After nearly twenty years and seven full-length albums, Stick To Your Guns fans know what to expect from the band: explosive breakdowns, anthemic choruses, meaningful, politically-charged lyrics and a willingness to constantly try new things. Their newest album, Spectre is no different. Lyrically, the album finds the band pushing back on the idea of the American Dream and capitalism more than ever before, and sonically, it calls back to their roots in the punishing verses of songs like “A World To Win,” “Who Dares” and “Instruments Of The End” while also proving that they still have new sounds to explore in tracks like the grungy “Open Up My Head” and stunning final track, “No Way To Live”.
Stick To Your Guns have never shied away from blunt, honest and extremely vulnerable lyrics, and Spectre follows suit. Opening the album is the explosive “Weapon”, which finds Jesse Barnett coming to terms with who he is and the constant push and pull between becoming apathetic and complacent or caring so much about something that it hurts you in lines like, “Torn between / You won’t grow from your apathy / Hate is choking the love in me”. Later on in the album, he embraces his convictions in “The Shine,” insisting, “I am relentless in my allegiance Committed to my truth / Dedicated to the obligation / Of what I refuse”.

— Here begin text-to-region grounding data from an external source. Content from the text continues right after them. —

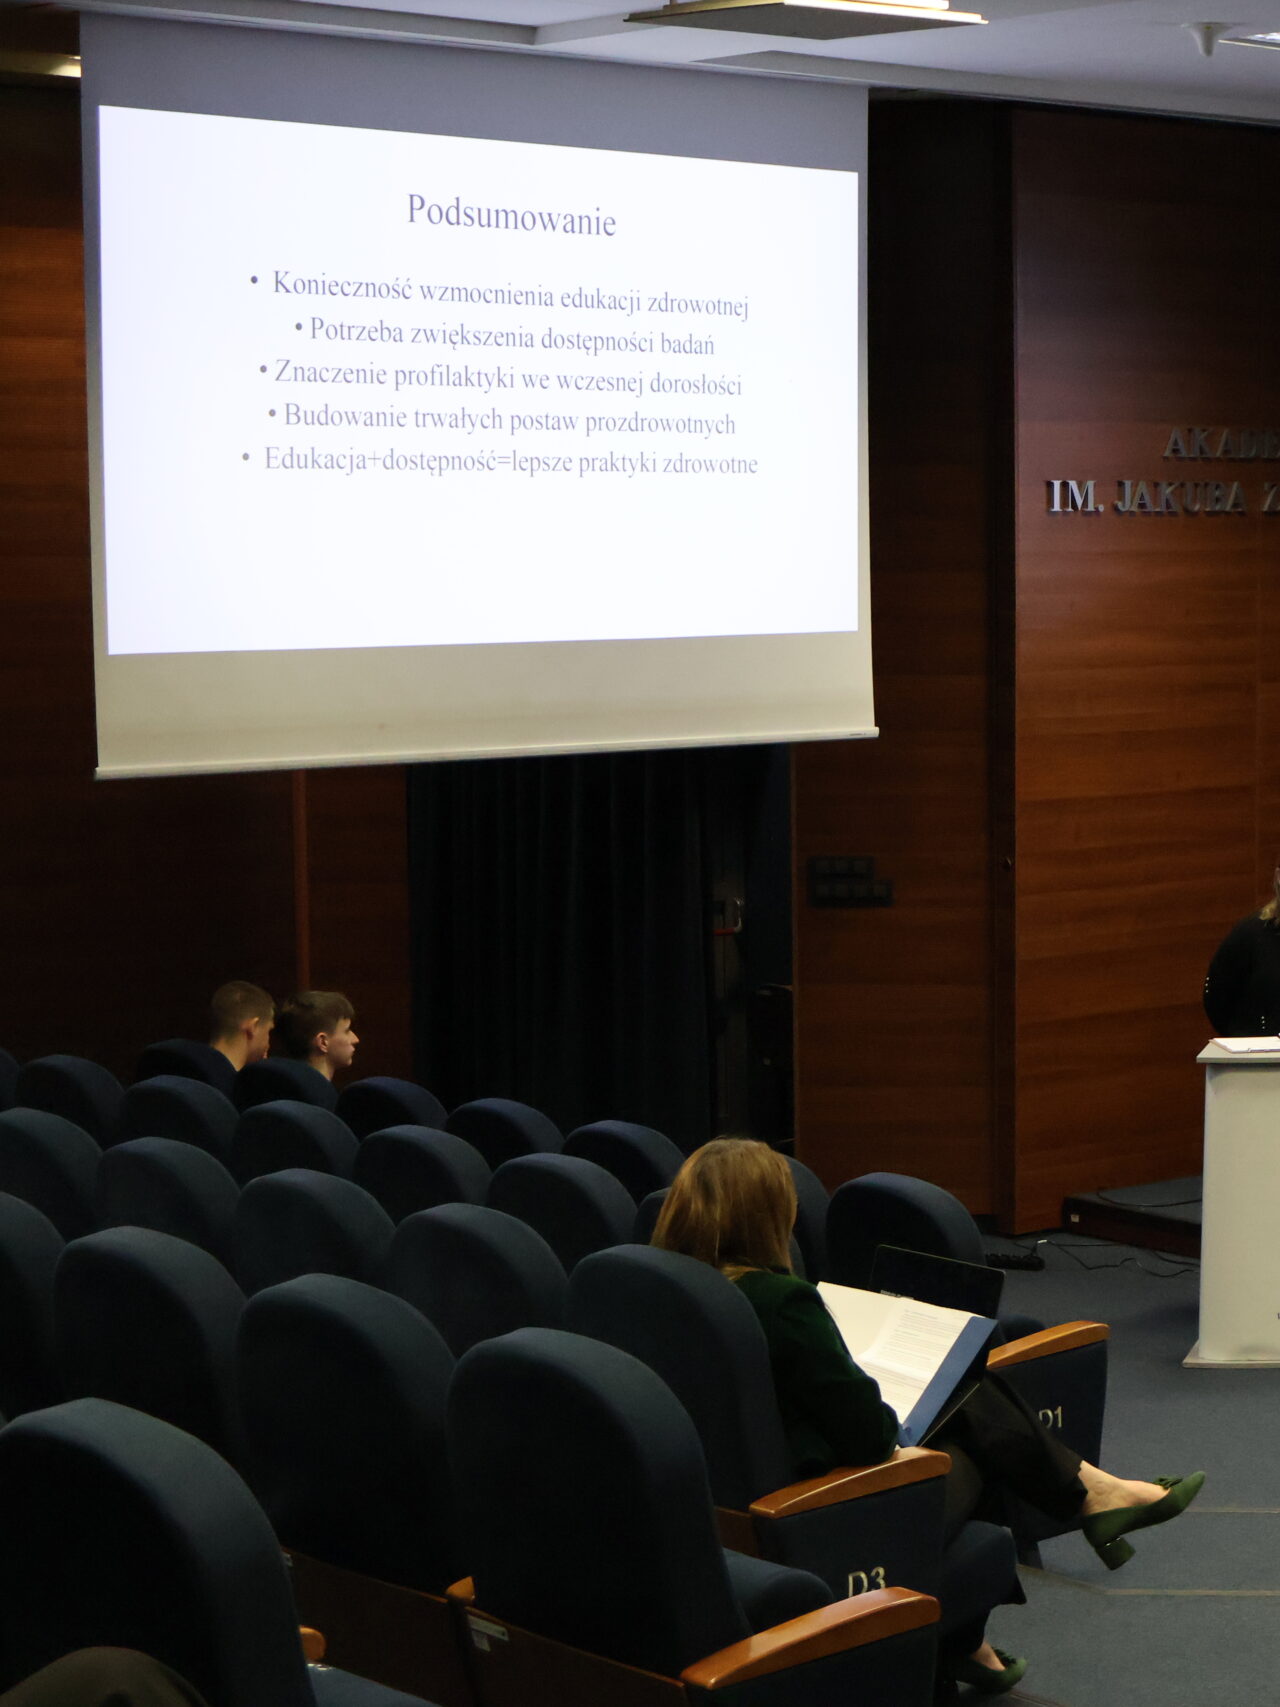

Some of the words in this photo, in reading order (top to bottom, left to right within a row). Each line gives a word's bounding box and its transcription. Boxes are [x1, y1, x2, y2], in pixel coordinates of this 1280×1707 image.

[406, 193, 616, 237] Podsumowanie
[272, 270, 413, 300] Konieczność
[418, 282, 554, 307] wzmocnienia
[560, 286, 641, 317] edukacji
[648, 291, 748, 323] zdrowotnej
[310, 316, 404, 343] Potrzeba
[411, 322, 535, 352] zwiększenia
[541, 326, 654, 357] dostępności
[661, 332, 714, 355] badań
[274, 358, 388, 385] Znaczenie
[394, 363, 514, 394] profilaktyki
[521, 374, 550, 389] we
[556, 371, 643, 398] wczesnej
[649, 371, 742, 395] dorosłości
[284, 402, 408, 428] Budowanie
[414, 406, 503, 435] trwałych
[510, 412, 579, 436] postaw
[586, 410, 735, 440] prozdrowotnych
[264, 446, 572, 478] Edukacja+dostępność=lepsze
[579, 451, 656, 479] praktyki
[662, 452, 758, 474] zdrowotne
[1049, 479, 1105, 513] IM.
[1114, 480, 1245, 513] JAKUBA
[1039, 1405, 1062, 1429] D1
[848, 1566, 886, 1598] D3

Meanwhile “Who Dares” introduces a strong underlying theme of the album: “They can’t kill us all”. Songs that follow suit, pointing out the countless flaws in capitalist society include “A World To Win”, “Open Up My Head” “Liberate” and “More Of Us Than Them”, just to name a few. This all comes to a head on the album’s stunning acoustic closer, “No Way To Live,” in which Barnett opens up about his relationship with his father, and his father’s relationship with America. The powerful song merges both the more personal and the political-leaning songs on the album, pointing out that while Barnett’s father gave everything to his country, it will never love him back.

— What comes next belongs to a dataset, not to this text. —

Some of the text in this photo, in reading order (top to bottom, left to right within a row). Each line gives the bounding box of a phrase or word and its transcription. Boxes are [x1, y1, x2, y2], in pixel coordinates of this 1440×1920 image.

Driving the powerful lyrical content of Spectre home is Stick To Your Guns’ always spectacular songwriting. Songs like “Weapon” “Hush”, “A World To Win”, “The Shine” and “More Of Us Than Them” are total classic STYG songs, complete with absolutely punishing drums, spectacular bass, heavy as fuck guitar and gang vocals that will have fans singing along at a show in no time. But that’s not to say that they’re not trying new things, too. “Open Up My Head” is easily a standout track, sandwiched between “A World To Win” and the aggressive “Liberate”, taking on a more sludgy, grungy quality, meanwhile “Father” is a haunting masterpiece that warns, “True freedom is dead”.
Each track on Spectre is powerful in its own right, making the album well worth multiple listens. Although it can feel a bit choppier than their previous releases at times, especially when the band slows things down in songs like “Open Up My Head”, Spectre as a whole is an absolute success. The album proves yet again why we still need bands like Stick To Your Guns and music with meaning.